WORK INSTRUCTION: Every entry below must be transcribed word for word, and the images must be left out.

RECORDS FOR THE EXERCISE:
==================================================

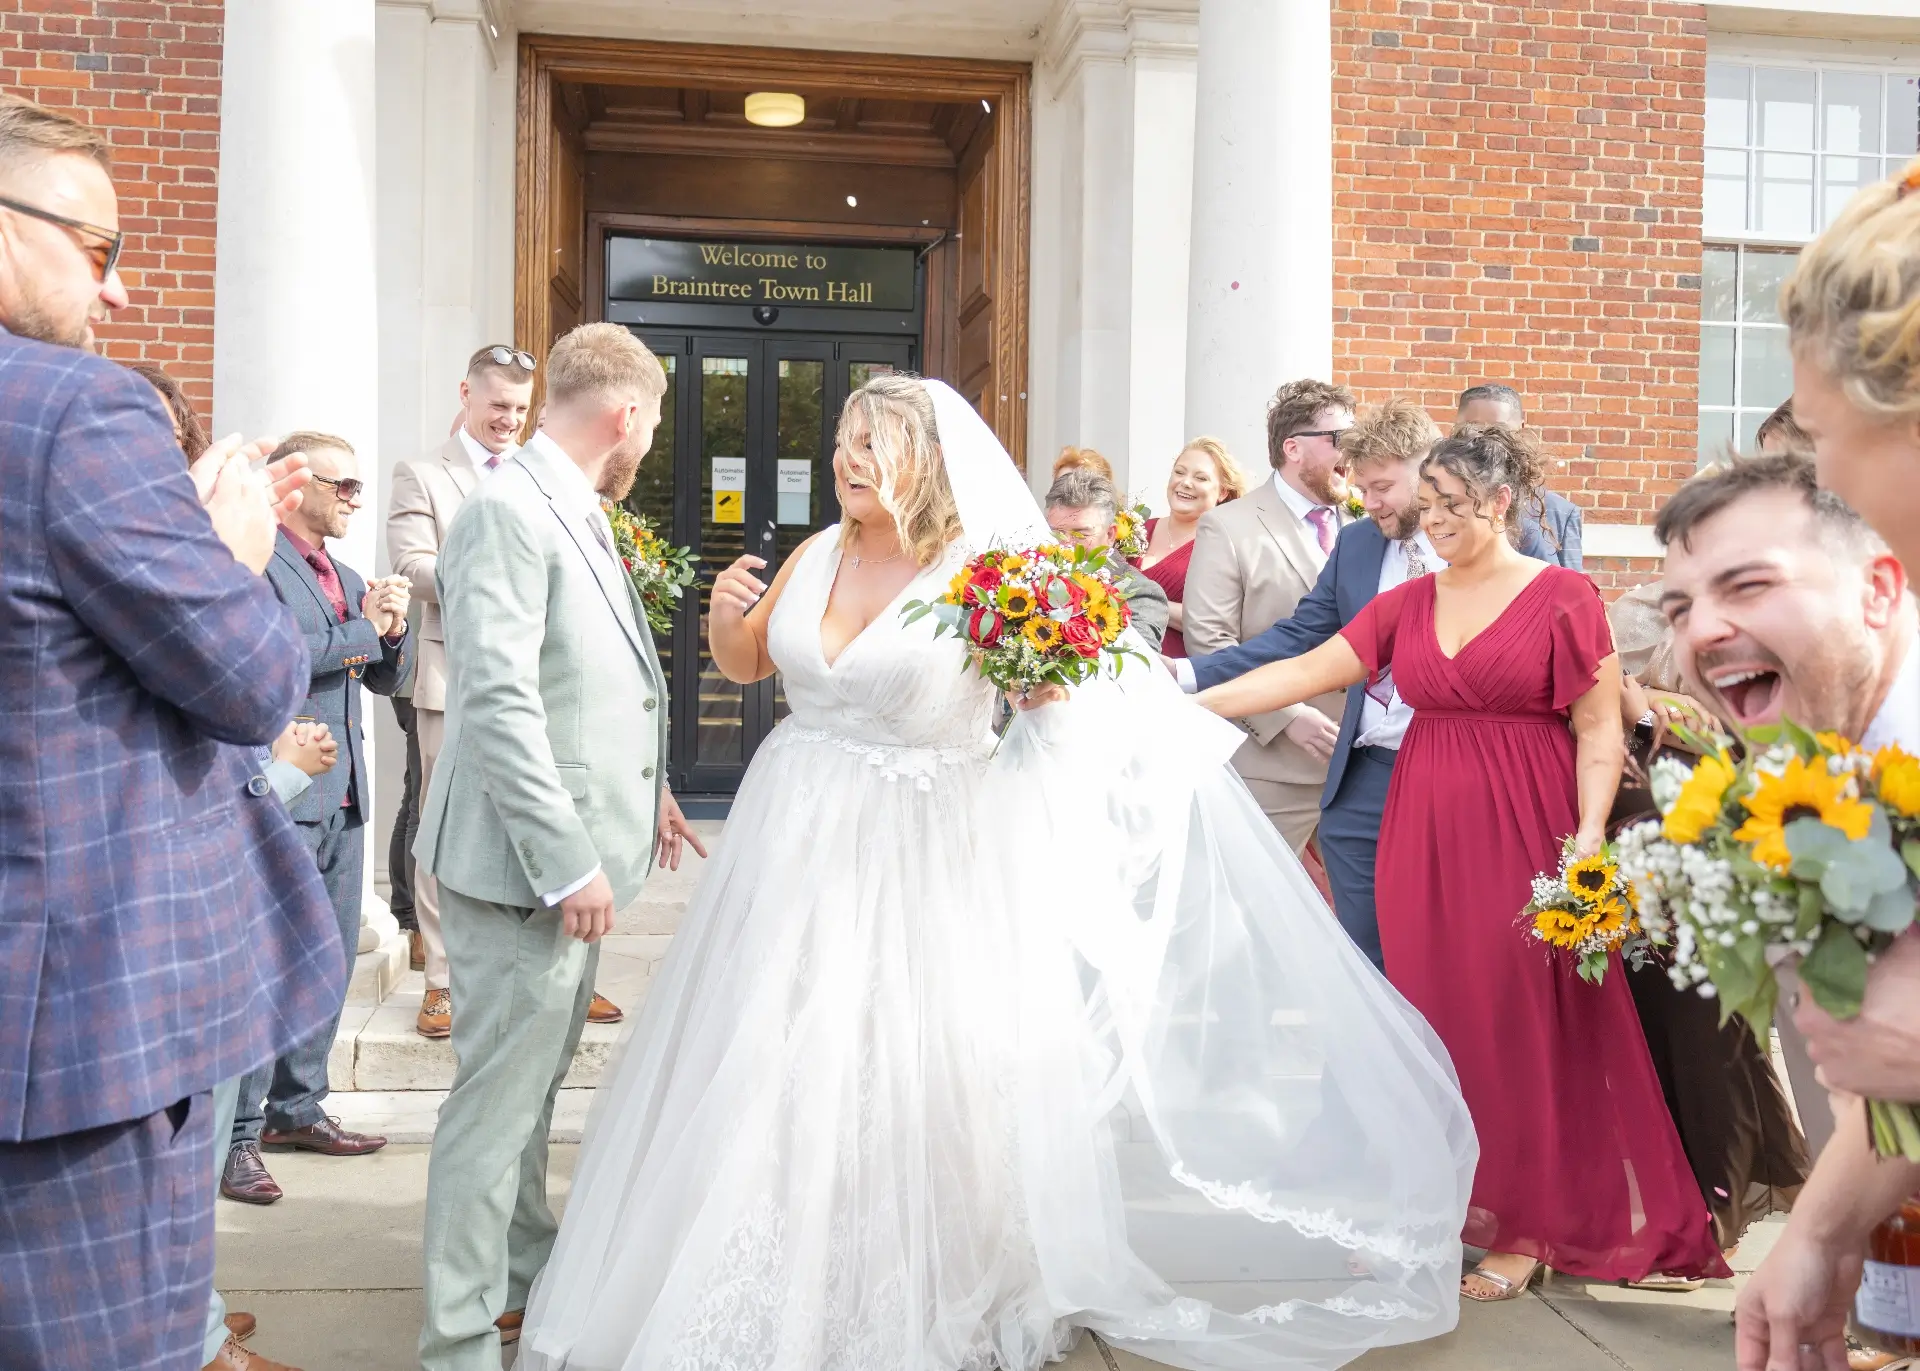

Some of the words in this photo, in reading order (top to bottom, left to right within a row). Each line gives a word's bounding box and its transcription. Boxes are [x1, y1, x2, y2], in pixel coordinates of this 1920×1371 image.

[699, 243, 798, 269] Welcome
[805, 252, 827, 270] to
[651, 274, 752, 299] Braintree
[759, 278, 820, 301] Town
[826, 281, 873, 303] Hall
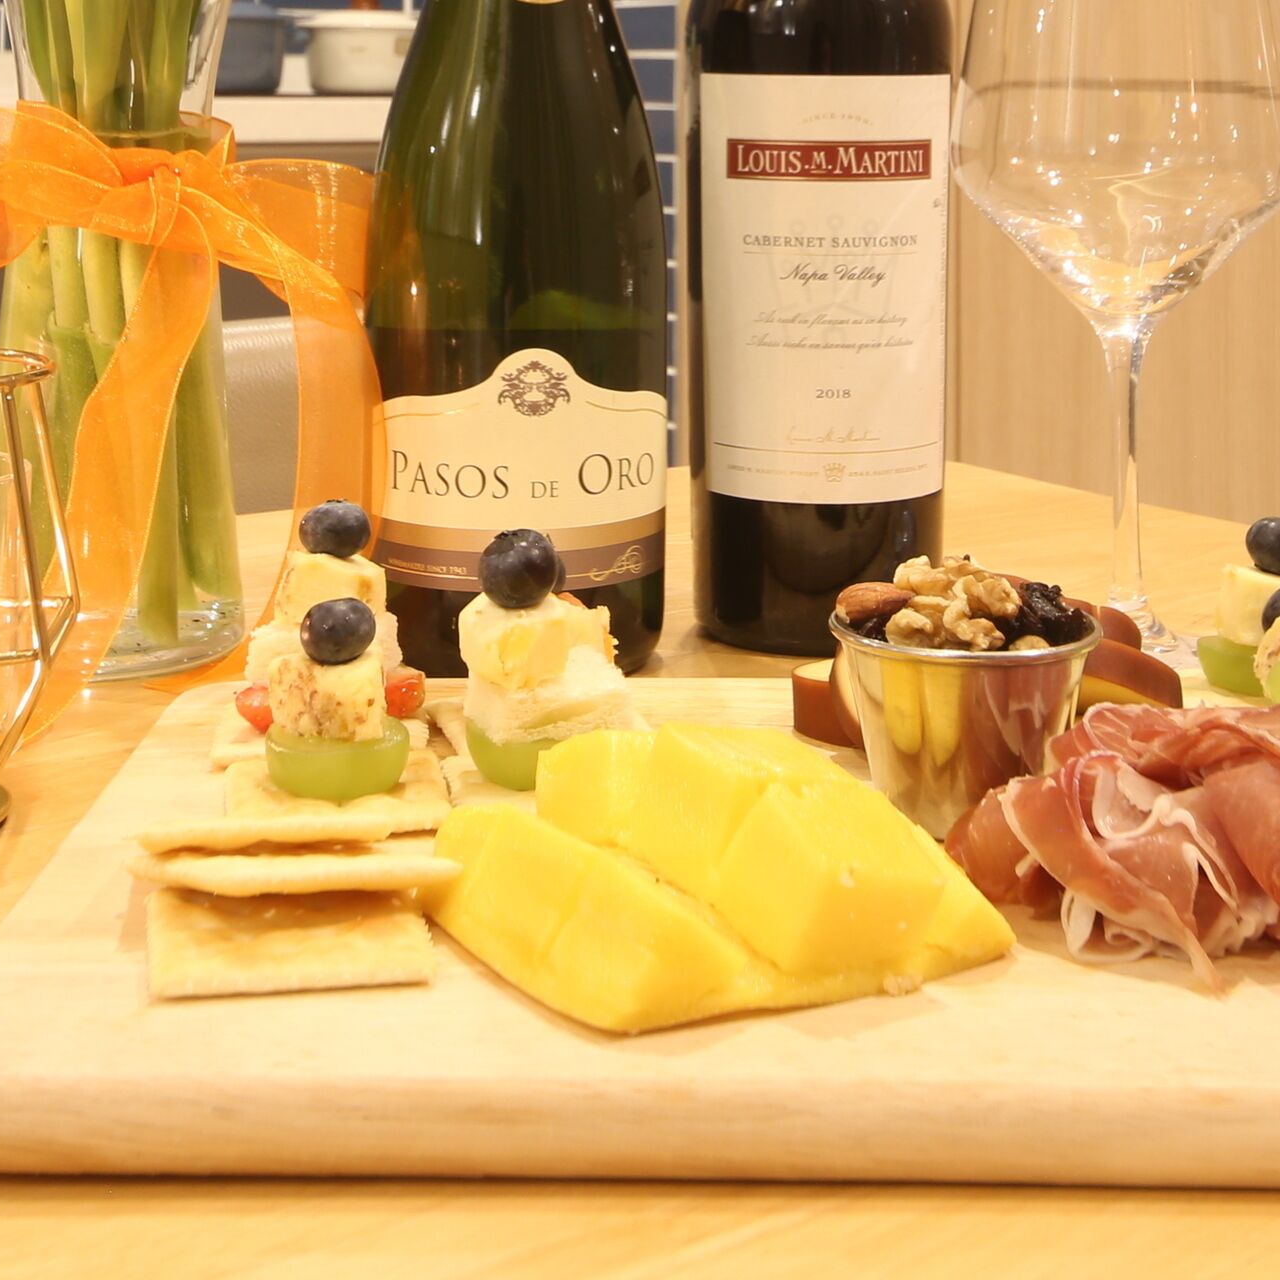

==================================================

YOUR RESPONSE:
Some of the words in this photo, in reading order (top to bottom, left to right within a row). Each line gives a word's bounding box and its transcription. Boxes are [x1, y1, x2, y2], in pixel coordinates of this 1920×1371 image.

[699, 243, 798, 269] Welcome
[805, 252, 827, 270] to
[651, 274, 752, 299] Braintree
[759, 278, 820, 301] Town
[826, 281, 873, 303] Hall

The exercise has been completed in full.